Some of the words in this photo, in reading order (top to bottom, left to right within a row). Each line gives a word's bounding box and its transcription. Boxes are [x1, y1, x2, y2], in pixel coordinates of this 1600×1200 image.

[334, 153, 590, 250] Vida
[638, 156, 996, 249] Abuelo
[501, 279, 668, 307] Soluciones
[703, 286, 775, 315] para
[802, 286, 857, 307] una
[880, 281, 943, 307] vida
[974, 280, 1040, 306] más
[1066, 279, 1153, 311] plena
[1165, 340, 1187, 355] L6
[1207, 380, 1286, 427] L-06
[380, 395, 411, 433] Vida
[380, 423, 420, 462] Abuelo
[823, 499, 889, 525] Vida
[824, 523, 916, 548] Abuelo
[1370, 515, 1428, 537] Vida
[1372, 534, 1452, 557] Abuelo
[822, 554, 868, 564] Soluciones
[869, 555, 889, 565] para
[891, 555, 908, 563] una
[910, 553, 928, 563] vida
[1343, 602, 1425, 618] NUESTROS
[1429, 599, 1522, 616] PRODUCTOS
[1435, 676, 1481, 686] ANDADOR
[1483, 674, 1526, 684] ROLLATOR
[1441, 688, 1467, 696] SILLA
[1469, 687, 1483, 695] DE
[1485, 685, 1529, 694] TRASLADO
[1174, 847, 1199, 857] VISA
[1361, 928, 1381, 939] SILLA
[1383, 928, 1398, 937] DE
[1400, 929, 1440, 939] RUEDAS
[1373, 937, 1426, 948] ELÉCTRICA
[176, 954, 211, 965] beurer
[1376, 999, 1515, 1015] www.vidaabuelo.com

* **TASK REQUIREMENTS**
Set the entries above down once more, exactly as they stand.

* **RESULT FOR THIS EXERCISE**
Some of the words in this photo, in reading order (top to bottom, left to right within a row). Each line gives a word's bounding box and its transcription. Boxes are [x1, y1, x2, y2], in pixel coordinates of this 1600×1200 image.

[334, 153, 590, 250] Vida
[638, 156, 996, 249] Abuelo
[501, 279, 668, 307] Soluciones
[703, 286, 775, 315] para
[802, 286, 857, 307] una
[880, 281, 943, 307] vida
[974, 280, 1040, 306] más
[1066, 279, 1153, 311] plena
[1165, 340, 1187, 355] L6
[1207, 380, 1286, 427] L-06
[380, 395, 411, 433] Vida
[380, 423, 420, 462] Abuelo
[823, 499, 889, 525] Vida
[824, 523, 916, 548] Abuelo
[1370, 515, 1428, 537] Vida
[1372, 534, 1452, 557] Abuelo
[822, 554, 868, 564] Soluciones
[869, 555, 889, 565] para
[891, 555, 908, 563] una
[910, 553, 928, 563] vida
[1343, 602, 1425, 618] NUESTROS
[1429, 599, 1522, 616] PRODUCTOS
[1435, 676, 1481, 686] ANDADOR
[1483, 674, 1526, 684] ROLLATOR
[1441, 688, 1467, 696] SILLA
[1469, 687, 1483, 695] DE
[1485, 685, 1529, 694] TRASLADO
[1174, 847, 1199, 857] VISA
[1361, 928, 1381, 939] SILLA
[1383, 928, 1398, 937] DE
[1400, 929, 1440, 939] RUEDAS
[1373, 937, 1426, 948] ELÉCTRICA
[176, 954, 211, 965] beurer
[1376, 999, 1515, 1015] www.vidaabuelo.com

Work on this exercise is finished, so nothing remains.